Signed-off-by: Yingshiuan Pan <yingshiuan.pan at mediatek.com>
Co-developed-by: Kevenny Hsieh <kevenny.hsieh at mediatek.com>
Signed-off-by: Kevenny Hsieh <kevenny.hsieh at mediatek.com>
Signed-off-by: Yi-De Wu <yi-de.wu at mediatek.com>
Signed-off-by: Liju Chen <liju-clr.chen at mediatek.com>
---
 arch/arm64/geniezone/gzvm_arch_common.h |  2 +
 arch/arm64/geniezone/vm.c               | 47 ++++++++++++-
 drivers/virt/geniezone/gzvm_main.c      | 91 +++++++++++++++++++++++++
 drivers/virt/geniezone/gzvm_mmu.c       | 58 +++++++++++++++-
 drivers/virt/geniezone/gzvm_vm.c        | 56 ++++++++++++++-
 include/linux/soc/mediatek/gzvm_drv.h   | 22 +++++-
 include/uapi/linux/gzvm.h               |  3 +
 7 files changed, 272 insertions(+), 7 deletions(-)

diff --git a/arch/arm64/geniezone/gzvm_arch_common.h b/arch/arm64/geniezone/gzvm_arch_common.h
index 928191e3cdb2..8a082ba808a4 100644
--- a/arch/arm64/geniezone/gzvm_arch_common.h
+++ b/arch/arm64/geniezone/gzvm_arch_common.h
@@ -25,6 +25,7 @@ enum {
 	GZVM_FUNC_MEMREGION_PURPOSE = 15,
 	GZVM_FUNC_SET_DTB_CONFIG = 16,
 	GZVM_FUNC_MAP_GUEST = 17,
+	GZVM_FUNC_MAP_GUEST_BLOCK = 18,
 	NR_GZVM_FUNC,
 };
 
@@ -50,6 +51,7 @@ enum {
 #define MT_HVC_GZVM_MEMREGION_PURPOSE	GZVM_HCALL_ID(GZVM_FUNC_MEMREGION_PURPOSE)
 #define MT_HVC_GZVM_SET_DTB_CONFIG	GZVM_HCALL_ID(GZVM_FUNC_SET_DTB_CONFIG)
 #define MT_HVC_GZVM_MAP_GUEST		GZVM_HCALL_ID(GZVM_FUNC_MAP_GUEST)

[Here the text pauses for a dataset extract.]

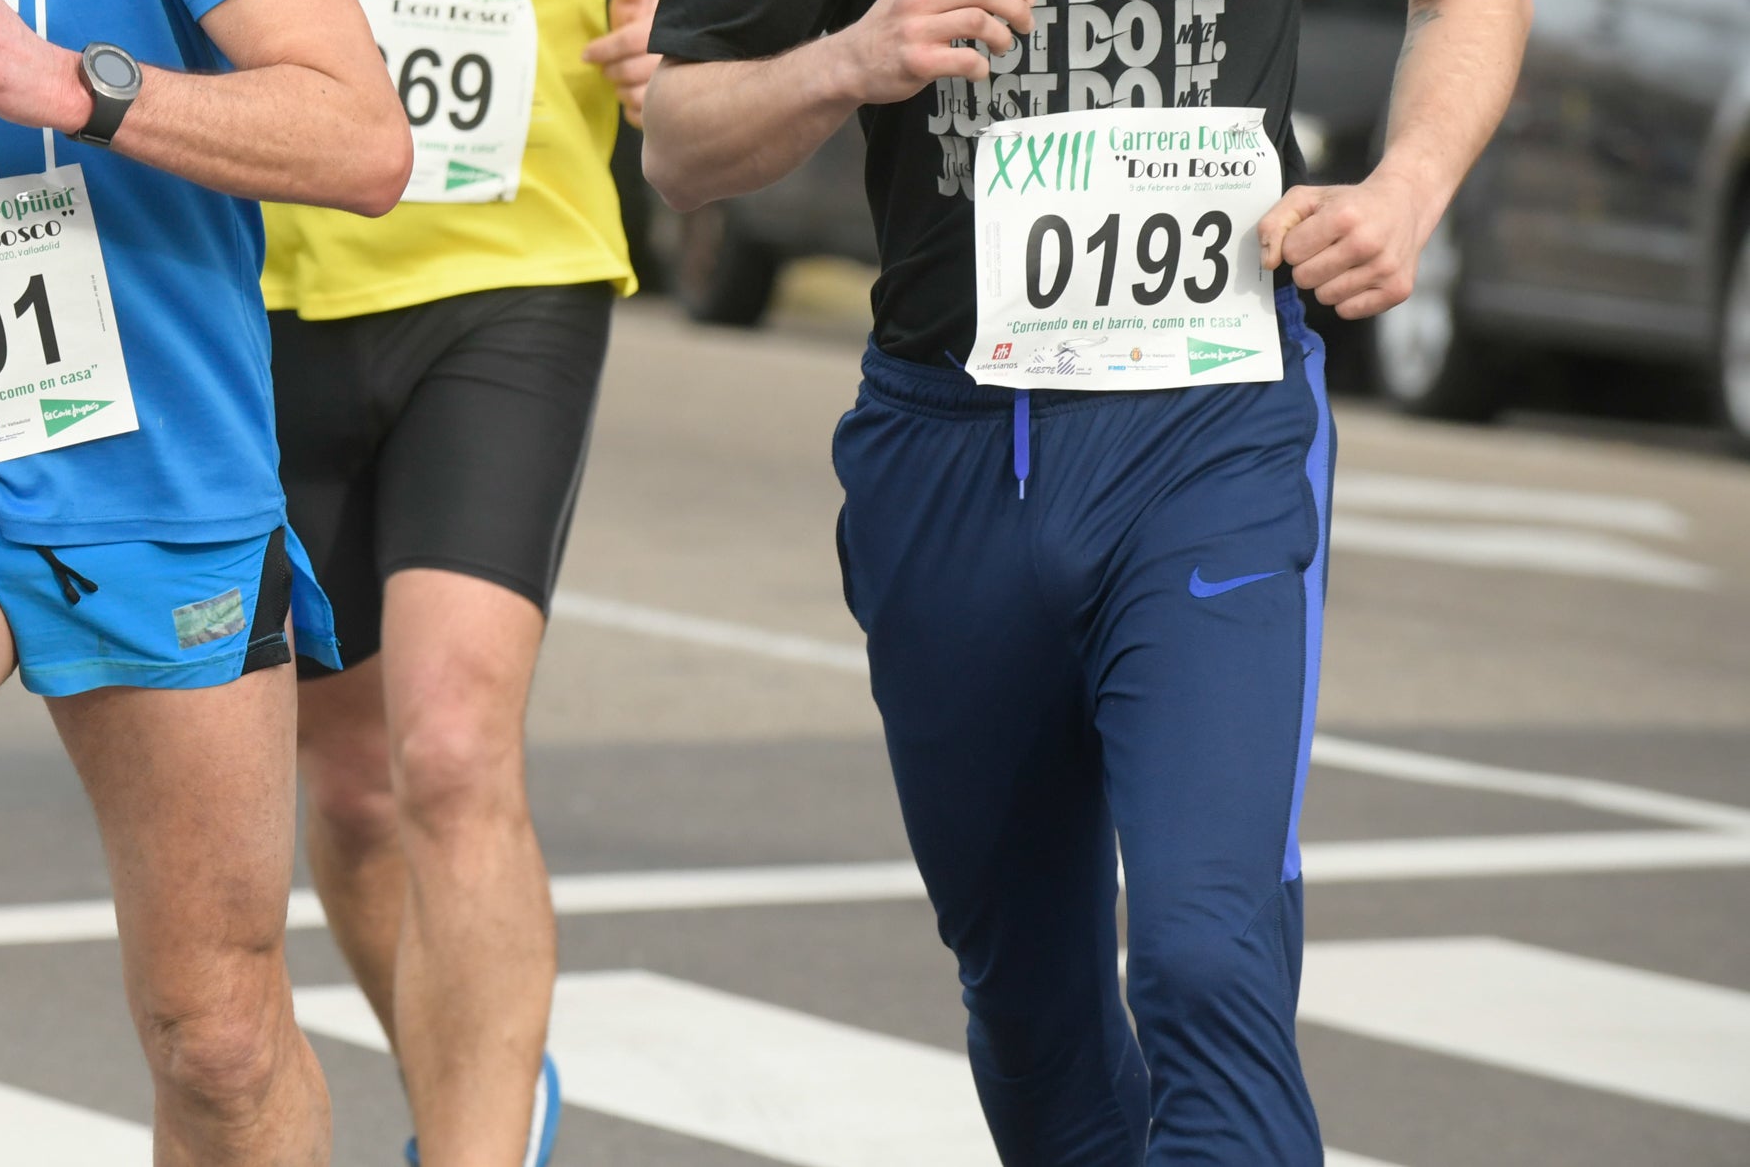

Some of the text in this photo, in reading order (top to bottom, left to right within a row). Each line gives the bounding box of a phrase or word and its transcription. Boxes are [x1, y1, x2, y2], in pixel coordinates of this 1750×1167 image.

+#define MT_HVC_GZVM_MAP_GUEST_BLOCK	GZVM_HCALL_ID(GZVM_FUNC_MAP_GUEST_BLOCK)
 
 #define GIC_V3_NR_LRS			16
 
diff --git a/arch/arm64/geniezone/vm.c b/arch/arm64/geniezone/vm.c
index 53e487912d2c..91c6e4e2caf2 100644
--- a/arch/arm64/geniezone/vm.c
+++ b/arch/arm64/geniezone/vm.c
@@ -184,6 +184,35 @@ static int gzvm_vm_arch_enable_cap(struct gzvm *gzvm,
 				    res);
 }
 
+static int gzvm_arch_enable_cap(struct gzvm_enable_cap *cap,
+				struct arm_smccc_res *res)
+{
+	return gzvm_hypcall_wrapper(MT_HVC_GZVM_ENABLE_CAP, 0,
+				    cap->cap, cap->args[0], cap->args[1],
+				    cap->args[2], cap->args[3], cap->args[4],
+				    res);
+}
+
+int gzvm_arch_query_hyp_batch_pages(struct gzvm_enable_cap *cap,
+				    void __user *argp)
+{
+	struct arm_smccc_res res = {0};
+	int ret;
+
+	ret = gzvm_arch_enable_cap(cap, &res);
+
+	if (ret)
+		return ret;
+
+	if (res.a1 == 0 ||
+	    GZVM_BLOCK_BASED_DEMAND_PAGE_SIZE % (PAGE_SIZE * res.a1) != 0)
+		return -EFAULT;
+
+	cap->args[0] = res.a1;
+
+	return ret;
+}
+
 /**
  * gzvm_vm_ioctl_get_pvmfw_size() - Get pvmfw size from hypervisor, return
  *				    in x1, and return to userspace in args
@@ -358,10 +387,11 @@ static int gzvm_vm_ioctl_cap_pvm(struct gzvm *gzvm,
 		fallthrough;
 	case GZVM_CAP_PVM_SET_PROTECTED_VM:
 		/*
-		 * To improve performance for protected VM, we have to populate VM's memory
-		 * before VM booting
+		 * If the hypervisor doesn't support block-based demand paging, we
+		 * populate memory in advance to improve performance for protected VM.
 		 */
-		populate_all_mem_regions(gzvm);
+		if (gzvm->demand_page_gran == PAGE_SIZE)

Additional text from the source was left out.